* **ACTIVITY**: Lines from the one containing "this 1280×1696 image." through the last line of the records below are to be repeated exactly.
--- START ---
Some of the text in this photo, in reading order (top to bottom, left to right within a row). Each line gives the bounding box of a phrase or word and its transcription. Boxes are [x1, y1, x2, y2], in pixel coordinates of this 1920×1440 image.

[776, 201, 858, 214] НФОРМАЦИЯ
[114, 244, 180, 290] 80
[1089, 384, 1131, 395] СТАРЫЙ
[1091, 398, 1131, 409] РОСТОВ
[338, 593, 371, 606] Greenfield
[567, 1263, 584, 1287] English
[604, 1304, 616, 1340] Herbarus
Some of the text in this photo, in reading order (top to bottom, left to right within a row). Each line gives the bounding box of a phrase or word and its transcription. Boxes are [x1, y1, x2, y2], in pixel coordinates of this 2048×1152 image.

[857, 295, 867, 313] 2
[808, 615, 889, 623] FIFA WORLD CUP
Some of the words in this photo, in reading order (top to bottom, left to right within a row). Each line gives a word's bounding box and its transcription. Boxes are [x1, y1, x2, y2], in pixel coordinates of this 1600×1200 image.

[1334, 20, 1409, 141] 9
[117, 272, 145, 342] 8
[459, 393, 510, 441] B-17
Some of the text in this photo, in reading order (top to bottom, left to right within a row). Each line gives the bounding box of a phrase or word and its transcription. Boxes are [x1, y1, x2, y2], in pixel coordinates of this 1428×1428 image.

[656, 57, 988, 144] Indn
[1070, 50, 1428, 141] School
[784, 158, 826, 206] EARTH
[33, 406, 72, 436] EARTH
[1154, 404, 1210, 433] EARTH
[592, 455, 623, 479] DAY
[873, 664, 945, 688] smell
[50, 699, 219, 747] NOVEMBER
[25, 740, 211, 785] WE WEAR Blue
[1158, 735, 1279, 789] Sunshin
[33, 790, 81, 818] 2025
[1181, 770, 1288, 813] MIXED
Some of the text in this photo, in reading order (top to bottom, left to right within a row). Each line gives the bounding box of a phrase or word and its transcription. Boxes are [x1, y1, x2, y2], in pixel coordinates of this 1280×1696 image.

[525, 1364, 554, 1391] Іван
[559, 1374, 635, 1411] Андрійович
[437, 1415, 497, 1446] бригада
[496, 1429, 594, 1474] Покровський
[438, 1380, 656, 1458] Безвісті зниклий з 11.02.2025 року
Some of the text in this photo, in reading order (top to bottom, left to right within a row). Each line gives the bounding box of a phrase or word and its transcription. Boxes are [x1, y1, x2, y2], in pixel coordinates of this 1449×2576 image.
--- END ---
* **ANSWER TO THIS PROBLEM**:
Some of the text in this photo, in reading order (top to bottom, left to right within a row). Each line gives the bounding box of a phrase or word and its transcription. Boxes are [x1, y1, x2, y2], in pixel coordinates of this 1280×1696 image.

[525, 1364, 554, 1391] Іван
[559, 1374, 635, 1411] Андрійович
[437, 1415, 497, 1446] бригада
[496, 1429, 594, 1474] Покровський
[438, 1380, 656, 1458] Безвісті зниклий з 11.02.2025 року
Some of the text in this photo, in reading order (top to bottom, left to right within a row). Each line gives the bounding box of a phrase or word and its transcription. Boxes are [x1, y1, x2, y2], in pixel coordinates of this 1449×2576 image.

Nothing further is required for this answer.